Integration with Existing Abstractions
This RFC does not discuss much detail around how the "client process" receives information from the daemon process. In particular, I think it the "client process" should receive information from the daemon through a transition frontier extension, similar to how the transition frontier persistence works. This is hinted at the in document, but I would appreciate a more explicit design. Should it share an extension with persistence? Should it live behind a diff buffer, similar to persistence? What are the flushing rules for that buffer? Do they match the persistence rules, or do we need two diff buffers in memory? etc...
A use case for our GraphQL API that has been discussed in the past has been subscriptions. Do you intend to support that under you model? That decision could have ramifications on my suggestion to split the archiver from the API server.
This is mentioned in one of my comments (we should have a discussion on this there instead of on this comment thread), but I think you should make a stronger argument for the SQLite choice. I personally think we should choose a more robust and performant SQL DB, such as PostgresSQL or MariaDB/MySQL.

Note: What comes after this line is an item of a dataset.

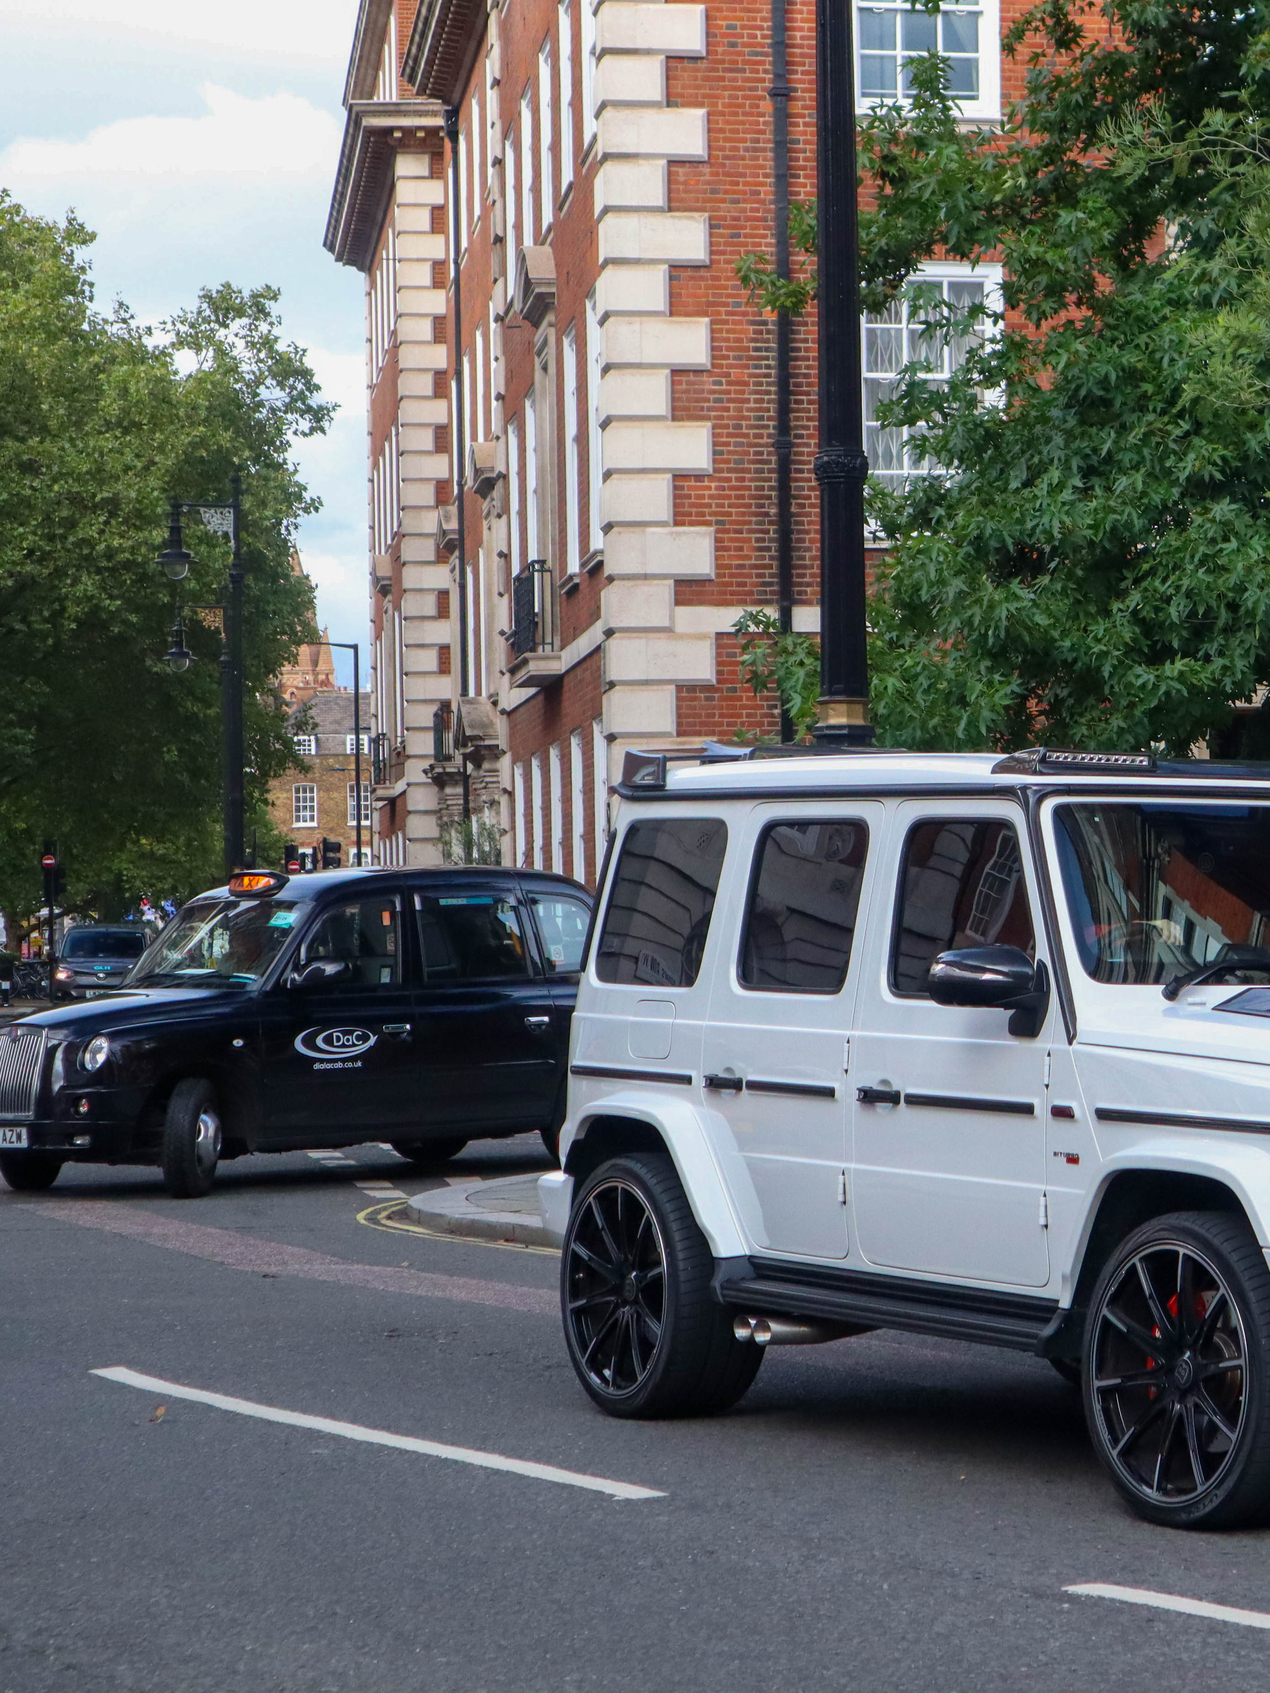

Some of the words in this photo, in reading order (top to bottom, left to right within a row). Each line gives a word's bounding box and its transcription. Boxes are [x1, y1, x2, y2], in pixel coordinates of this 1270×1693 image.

Most of my other questions and criticism for the API are covered in individual comments on the RFC document.
Schmavery left a comment
As a takeaway of our meeting today this seems mostly ok to me, though I think it should concern itself more with the design of the archive node than the requirements of scaling the api since it's unclear what the plans should be there long term anyway (whereas we seem to clearly understand the requirements of an archive node). This might mean we can also put off implementing the filter logic for now, though the approach seems fine to me if some day we find we need such functionality.
I did a quick review of the SQL schema. I think there is some more thought that needs to be put into the relational model of these tables and to the optimization of the queries we want to perform. The current schema is very wasteful of space and duplicates a lot of information. It also doesn't use SQL ids for referencing tables, which destroys your relational query performance.
SQL looks better now, still have a few minor suggestions, but nothing too major. Would like to have a slightly extended conversation wrt the fee transfers table though.